Position of the earth on 22 December

  • The South Pole is inclined towards the sun and the North Pole is away from it.
  • The rays of the sun fall vertically at the tropic of Capricorn (23½º S).
  • The greater part of the southern hemisphere gets the direct rays of the sun so the days are long and the nights are short here.
  • In the northern hemisphere the nights are longer than the days at this time.
  • The southern hemisphere has summer.
  • The northern hemisphere has winter.
  • This day (22 December), when the sun’s rays fall vertically on the Tropic of Capricorn, is known as winter solstice.

Variations in the length of day time


  • Let us understand the effect of the revolution of the earth on the length of the days and the nights.
  • The duration of the daylight varies with latitude and seasons.
  • An eclipse is a complete or partial obscuration of light from a celestial body and it passes through the shadow of another celestial body.
  • The eclipses are of two types. They are:

Solar Eclipse

  • It occurs on New Moon days, when the moon is between the Sun and the Earth.
  • Thus it obscures a part of the Sun viewed from the Earth, but only from a small area of the world. It lasts only for a few minutes.
  • A partial solar eclipse happens when the moon partially covers the disc of the sun.
  • An annular solar eclipse occurs when the moon passes centrally across the solar disc.
  • During a total solar eclipse, the moon’s shadow is short enough to cover the whole sun.

  • The outer regions still glow and look bright as a ring.
  • Such a phenomenon is called Diamond Ring.

Lunar Eclipse

  • It occurs on a Full Moon position when the earth is between the sun and the moon.
  • The earth’s shadow obscures the moon as viewed from the earth.

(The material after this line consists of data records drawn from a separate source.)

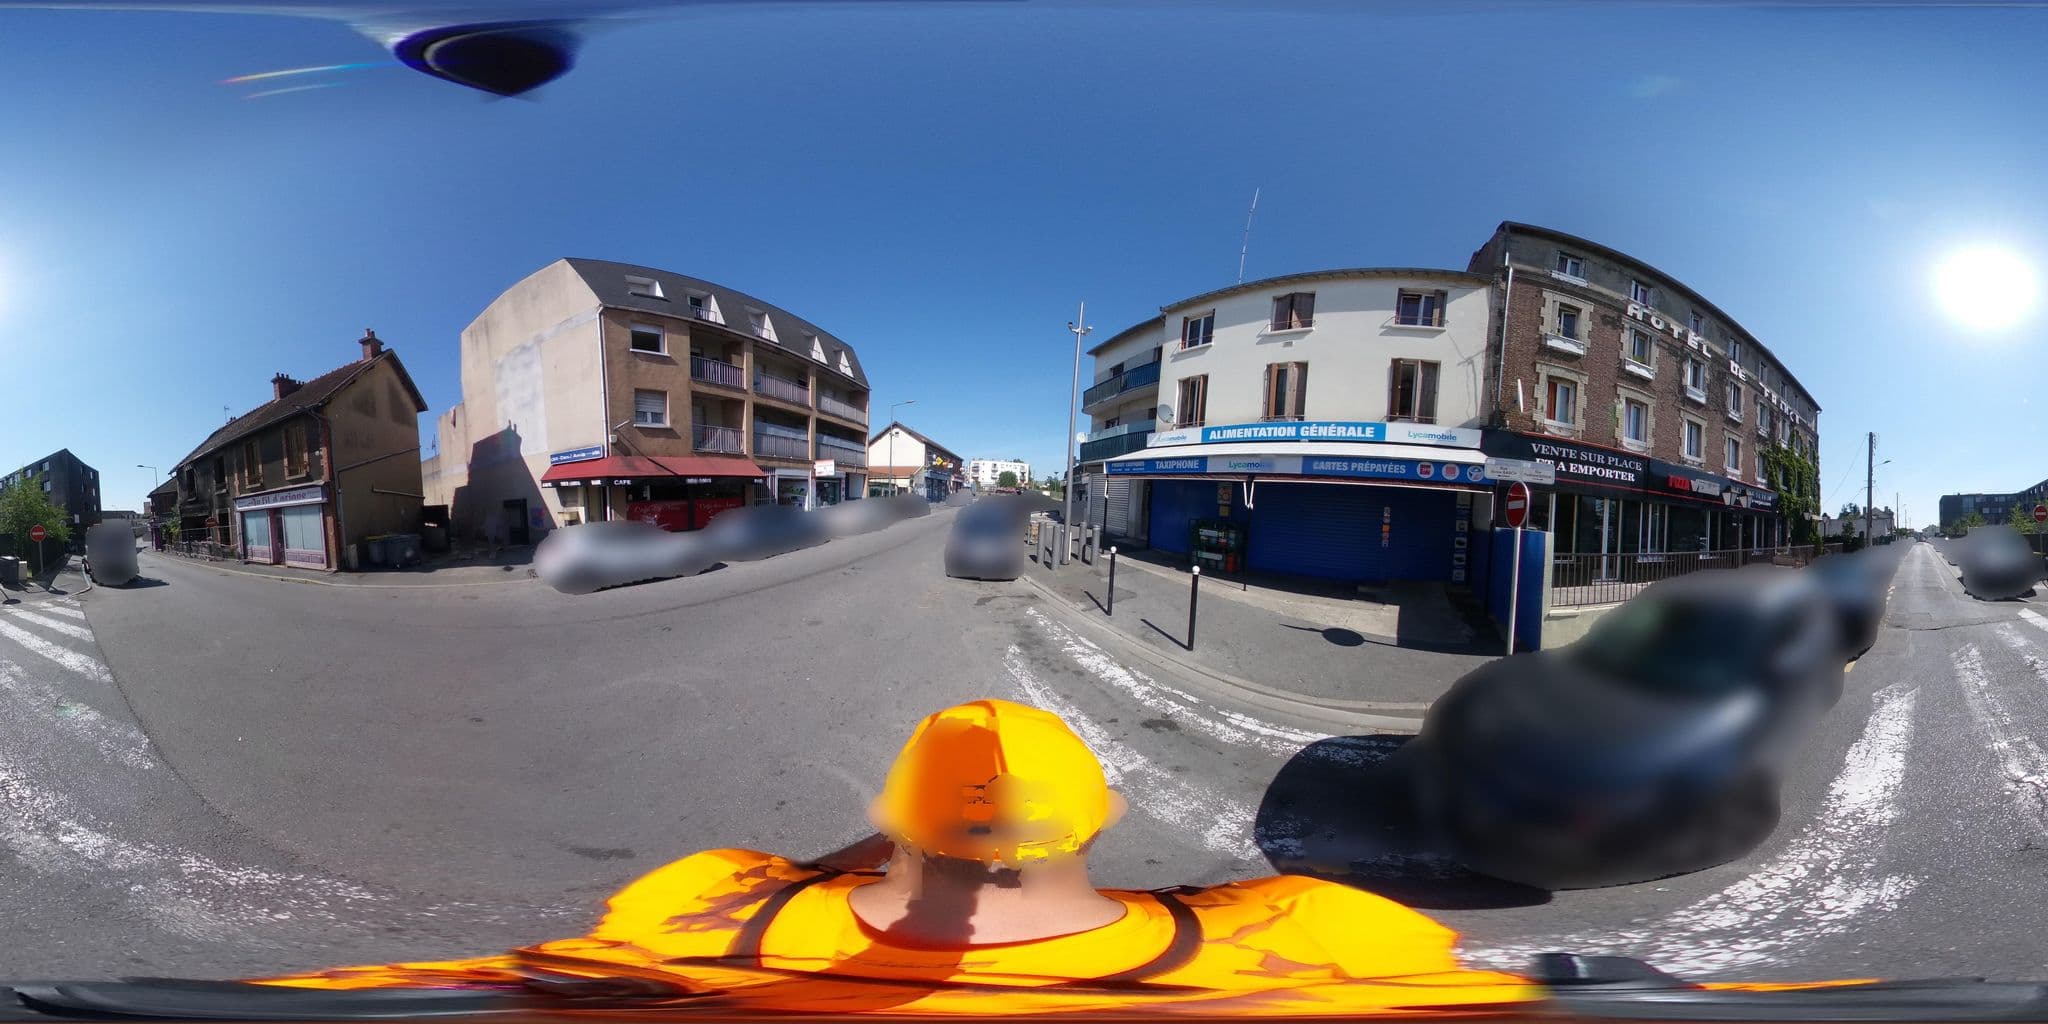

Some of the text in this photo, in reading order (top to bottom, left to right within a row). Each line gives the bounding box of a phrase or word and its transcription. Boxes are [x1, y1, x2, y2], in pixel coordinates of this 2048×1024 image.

[1209, 424, 1374, 440] ALIMENTATION GÉNÉRALE
[1408, 431, 1456, 441] Lycamobile
[1156, 459, 1199, 469] TAXIPHONE
[1532, 443, 1642, 471] VENTE SUR PLACE
[1313, 461, 1406, 474] CARTES PRÉPAYÉES
[1556, 462, 1566, 471] A
[1569, 464, 1635, 482] EMPORTER
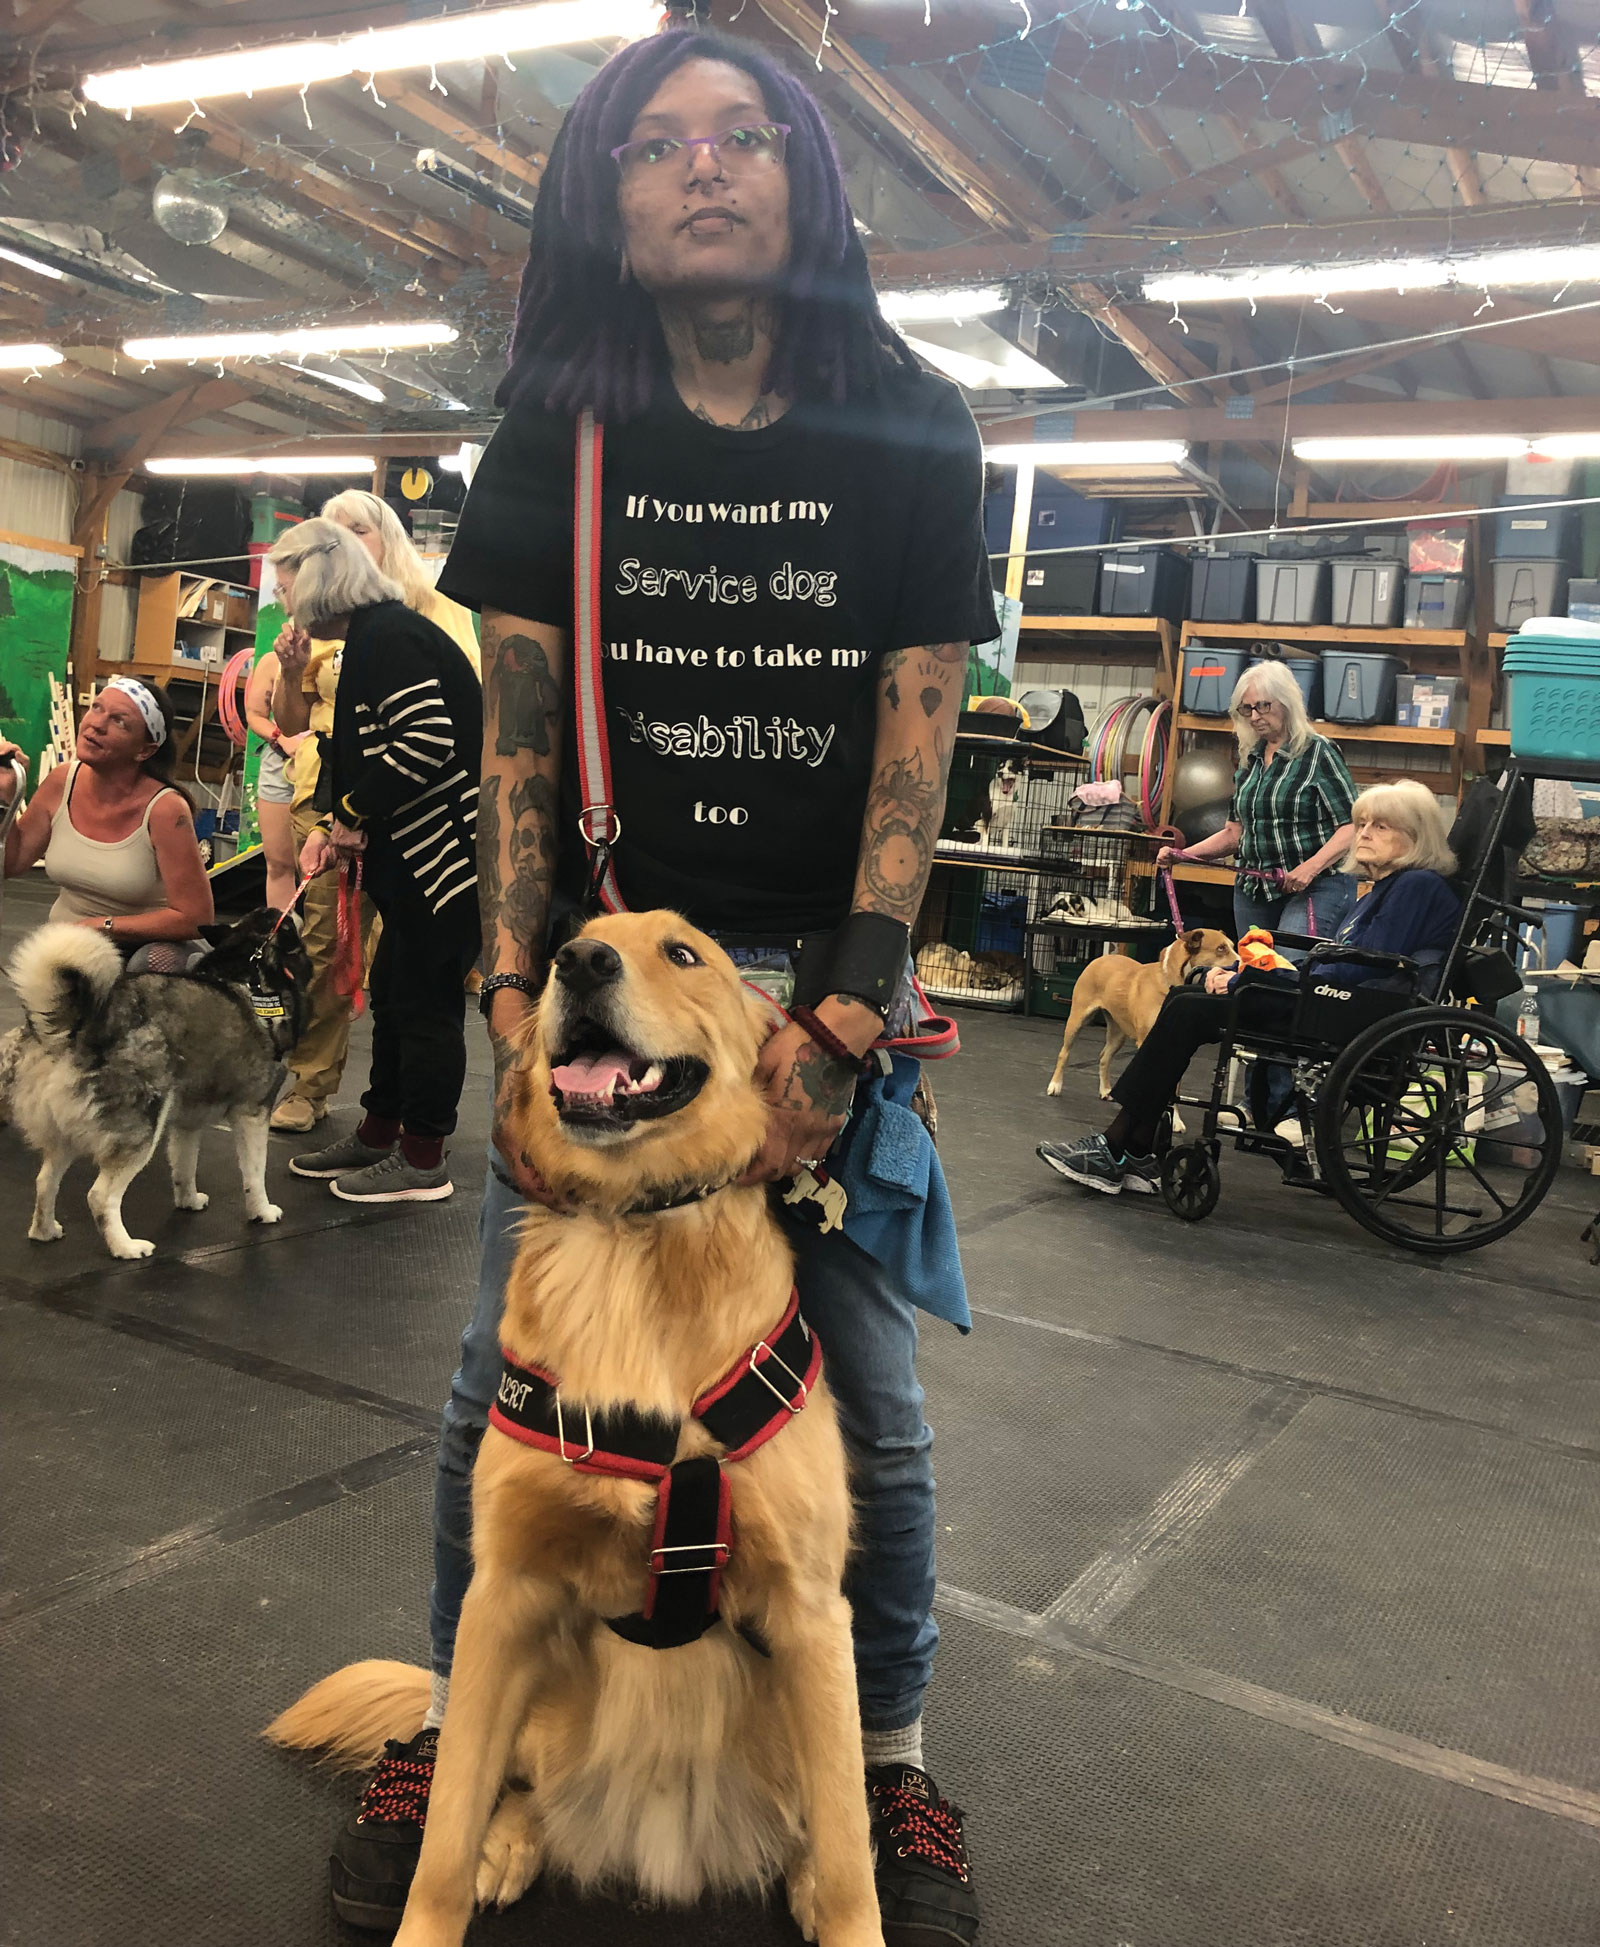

  • A partial lunar eclipse can be observed when only a part of the moon’s surface is obscured by earth’s umbra .
  • A penumbral lunar eclipse happens when the moon travels through the faint penumbral portion of the earth’s shadow.
  • A total lunar eclipse occurs when the earth umbra obscures the entire the moon’s surface.
  • Lunar eclipse can be seen from anywhere on the night side of the Earth.
  • It lasts for a few hours due to the smaller size of the moon.

Phases of the Moon

  • The changing angles between the earth, the sun and the moon determine the phases of the moon.
  • Phases of the moon start from the ‘New Moon’ every month.
  • Then, only a part of the Moon is seen bright called ‘Crescent’, which develops into the ‘first quarter’.
  • With the increasing brightness it turns into three quarters known as ‘Gibbous’ and then it becomes a ‘Full Moon’.
  • These stages are the waxing moon.

  • After the full moon, the moon starts waning or receding through the stages of Gibbous, last quarter, crescent, and finally becomes invisible as dark New Moon.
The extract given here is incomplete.